Similarly, the vice-chairman, Senate Committee on Tertiary Institutions and TETFund, Ojang Sandy Onor, described Buhari’s attribution of low receipts in VAT to the general election as a cover-up. According to him, the real reason is that the economy is not performing well. He said: ‘If yesterday when VAT was five per cent we experienced lower levels of economic activities, today that VAT is 7.5 per cent, we risk not having economic activities at all, and the consequences are dangerous.”
But Senator Ajibola Basiru who seemed to support the proposal gave the reason for the lack of full implementation of the 2019 budget. “The budget was not fully implemented because it was passed and signed into law towards the end of the Eighth National Assembly. What struck me is that the revenue projections and infrastructure show a 70 per cent deficit in the 2019 budget, and in 2020, it has already been highlighted that N2.18 trillion will be the proposed deficit,’’ he stated. “People are looking at the allocation to key sectors and the revenue to fund the projects. For instance, when you talk of the N256 billion being allocated to Works, I have it on good authority that what is even required to take care of the outstanding in the Ministry of Works and Housing is in excess of N500 billion. Yet, many people are hailing the N256 billion allocated for Works, describing it as huge. We should also be looking at the aspect of progressive taxation.”
Sun Newspaper: Another Kaduna school principal abducted
The Kaduna State Police Command has confirmed the abduction of the principal of Government Technical College, Kajuru. The deputy police public relations officer, Suleiman Abubakar, said the command received information through the Divisional Police Officer Kajuru, yesterday that a group of armed men invaded the school, started shooting sporadically and abducted the principal of the school, Mr. Francis Maji.

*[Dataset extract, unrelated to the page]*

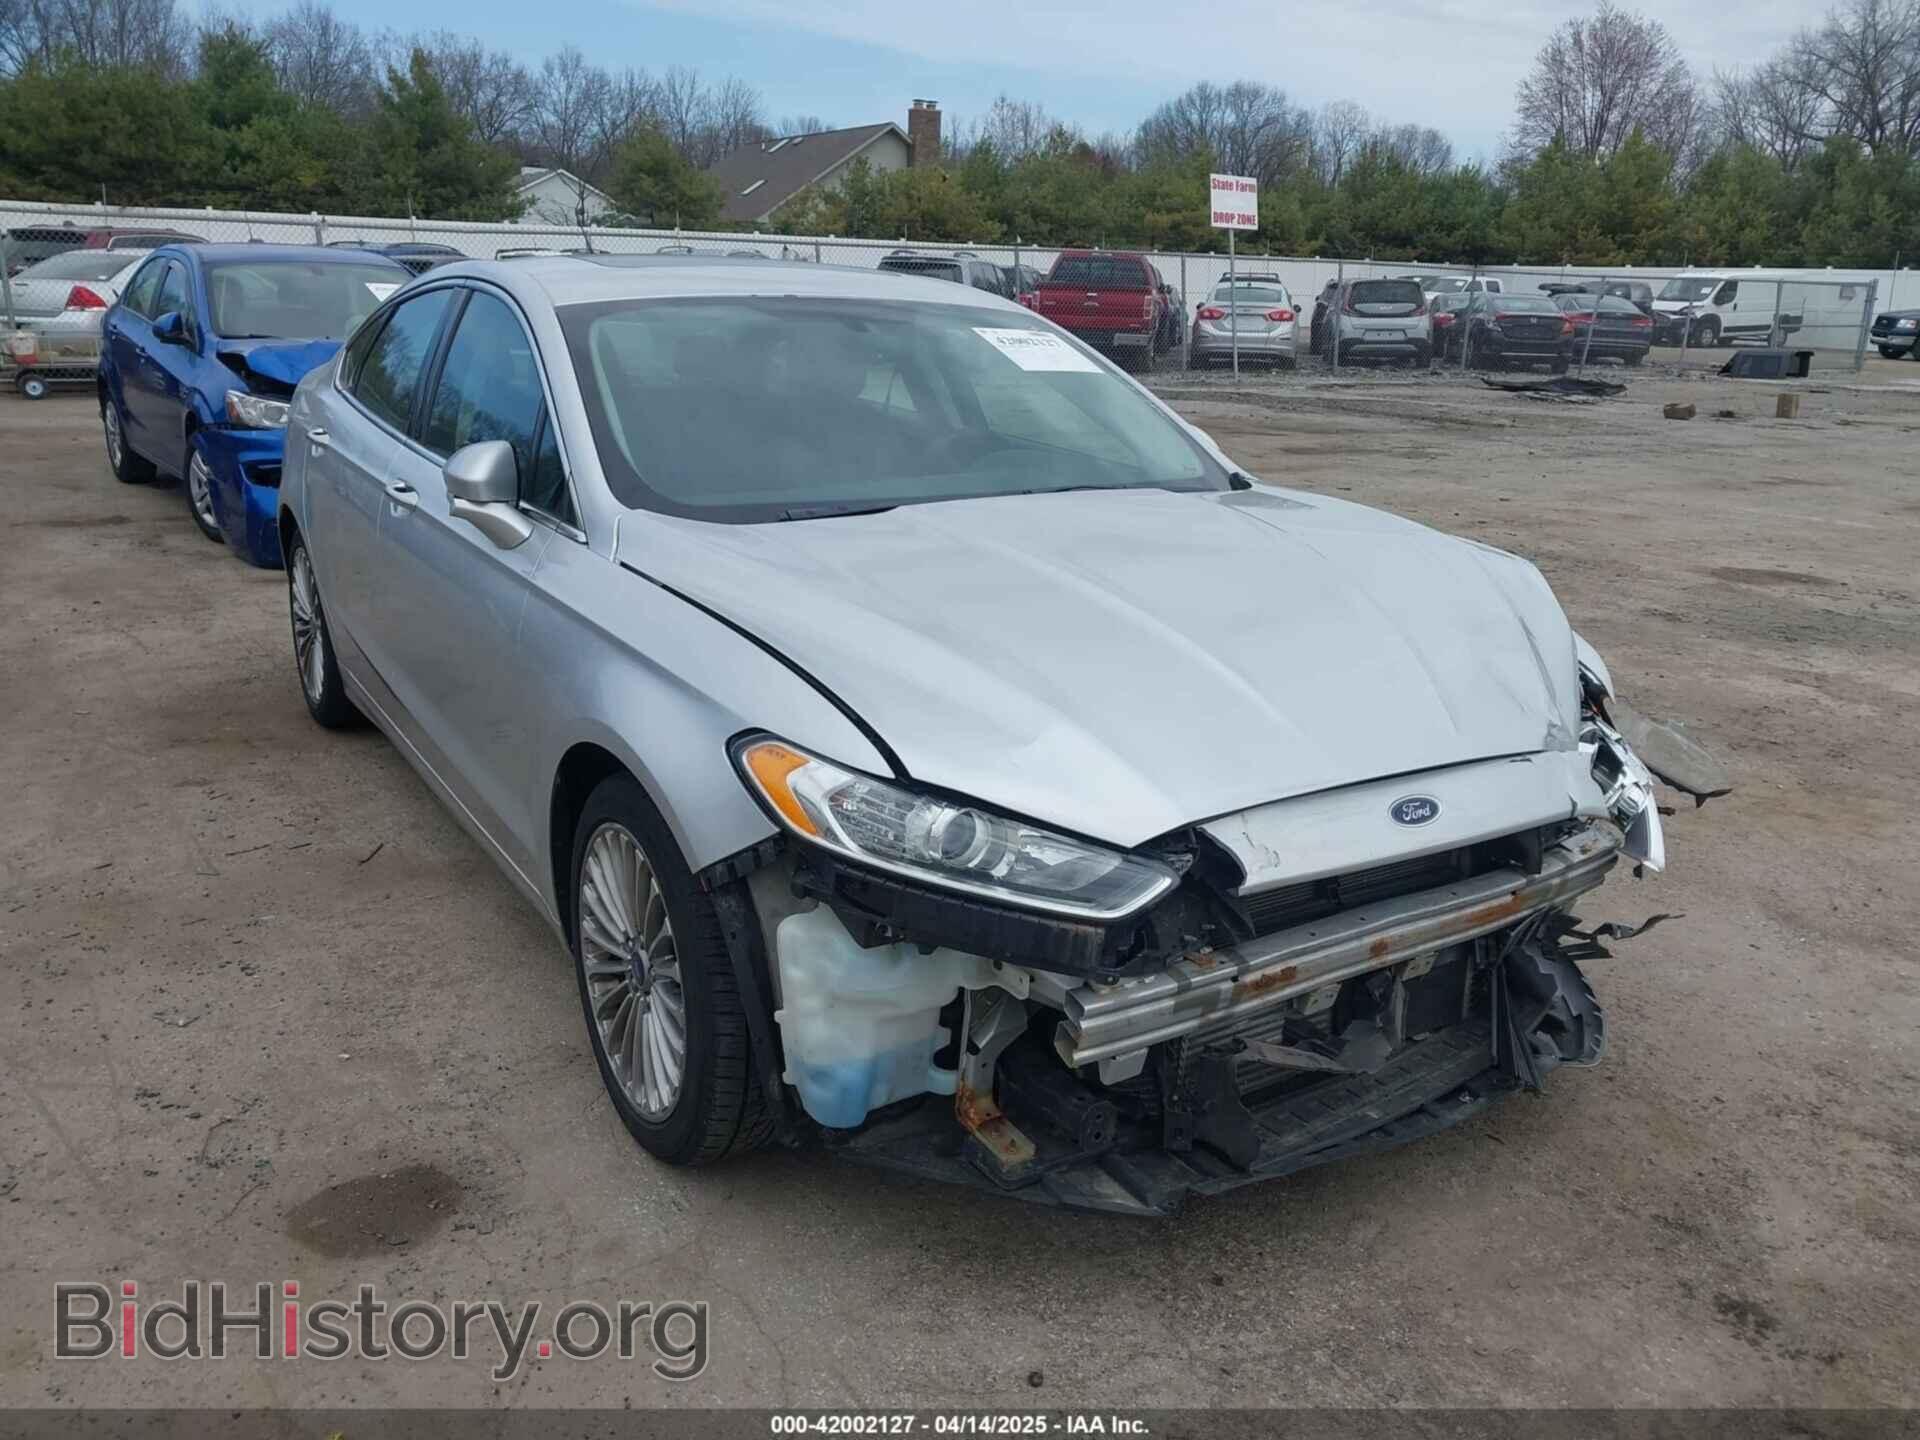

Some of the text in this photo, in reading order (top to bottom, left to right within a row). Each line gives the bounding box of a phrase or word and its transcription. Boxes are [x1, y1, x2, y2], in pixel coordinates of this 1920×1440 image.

He said: “On receipt of the information, a team of policemen was immediately mobilised to the area with a view to rescuing the victim and arresting the perpetrators.“The timely intervention of the police helped in preventing the hoodlums from gaining access to the students’ hostel. The command has also fortified security within the general area.”
He said the Commissioner of Police, Ali Aji Janga, assured the public that the command was working round the clock to tame the recent change of tactics by the enemies of peace who now resort to soft targets. “The CP called on the general public and particularly parents not to be deterred by the recent attack by hoodlums on schools as the command is making relentless efforts to prevent future occurrence of the unfortunate incident. “The command is further assuring the good people of the state that it remained resolute in its commitment to safety of all citizens as that is its onerous responsibility,” he said.
Exactly one week ago, six students of a private secondary school and two of their teachers in Kakau Daji village in Chikun Local Government Area of Kaduna State were kidnapped by gunmen. The village is located behind the Kaduna Refining and Petrochemicals Company (KRPC) in the state capital.